2018年、乃木坂に和食店「山﨑」をオープン後、わずか3か月でミシュラン1つ星を獲得した気鋭の料理人、山崎志朗さんです。新型コロナウィルスによりなかなか東京⇔小松の行き来が難しいなか、山崎シェフは「農口尚彦研究所」の酒をすべてテイスティングし、そこにどう地元食材を組み合わせるか試行錯誤したとのこと。
山崎シェフは「農口尚彦研究所」の酒についても「力強さの中に洗練とキレがあり、食事を受け止める包容力のあるお酒」と高評価。33歳のシェフと、まもなく88歳になる杜氏のガチンコタッグがいざ、はじまります。

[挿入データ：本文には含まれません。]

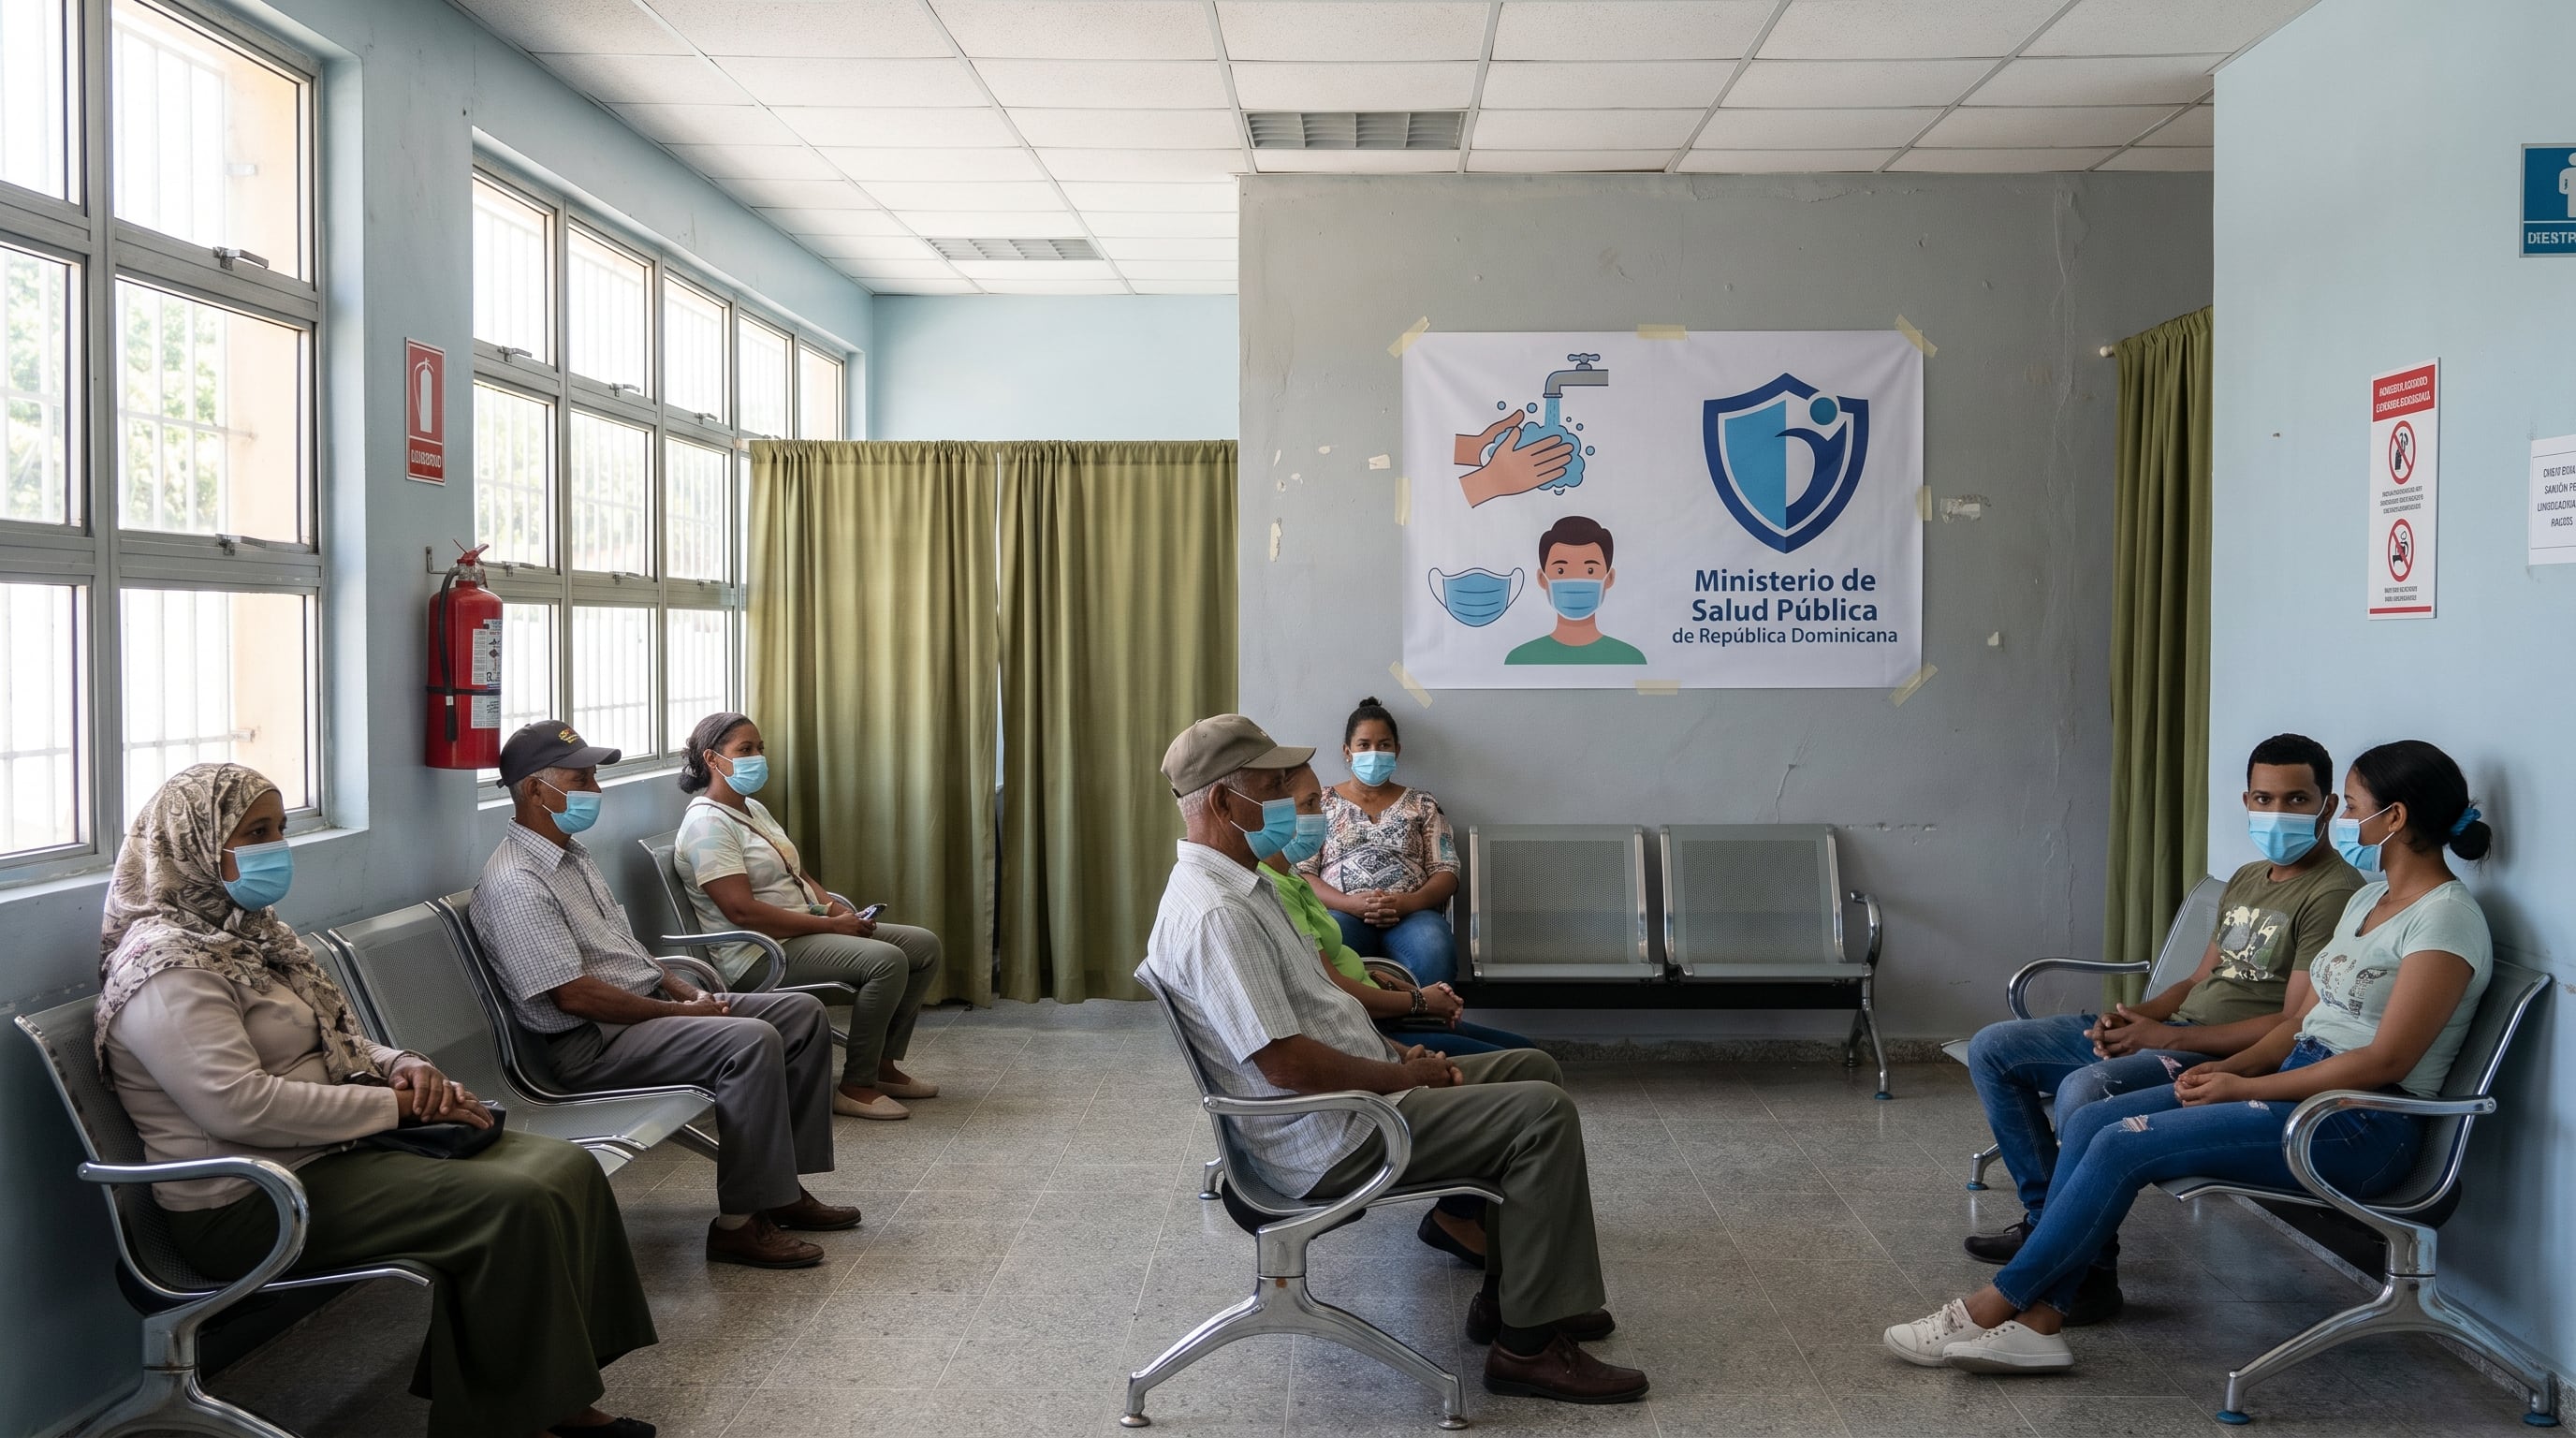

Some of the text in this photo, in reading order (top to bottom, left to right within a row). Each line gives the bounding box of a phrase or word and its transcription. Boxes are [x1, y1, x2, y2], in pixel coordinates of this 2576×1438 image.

【Limited Edition NOGUCHI NAOHIKO 2017×粕汁】
のっけから、年間5500本しか生産されないというすごいお酒が登場しました。合わせた粕汁には2019年の大吟醸を搾った際の酒粕を使用。能登産の土の香り高いゴボウに、辛子がほどよく効き、身体がふわりとあたたまりました。
【山廃純米酒 無濾過原酒 2017×酒まん】
このプレゼンテーションにみな笑顔になったペアリング。44度でお燗した酒と、米粉をベースにした酒まんじゅうのふわりと漂う香気といったら! 中にはこっくりとした豚味噌餡が入っていました。

▲酒にあわせて変えられる酒器の美しさも魅力。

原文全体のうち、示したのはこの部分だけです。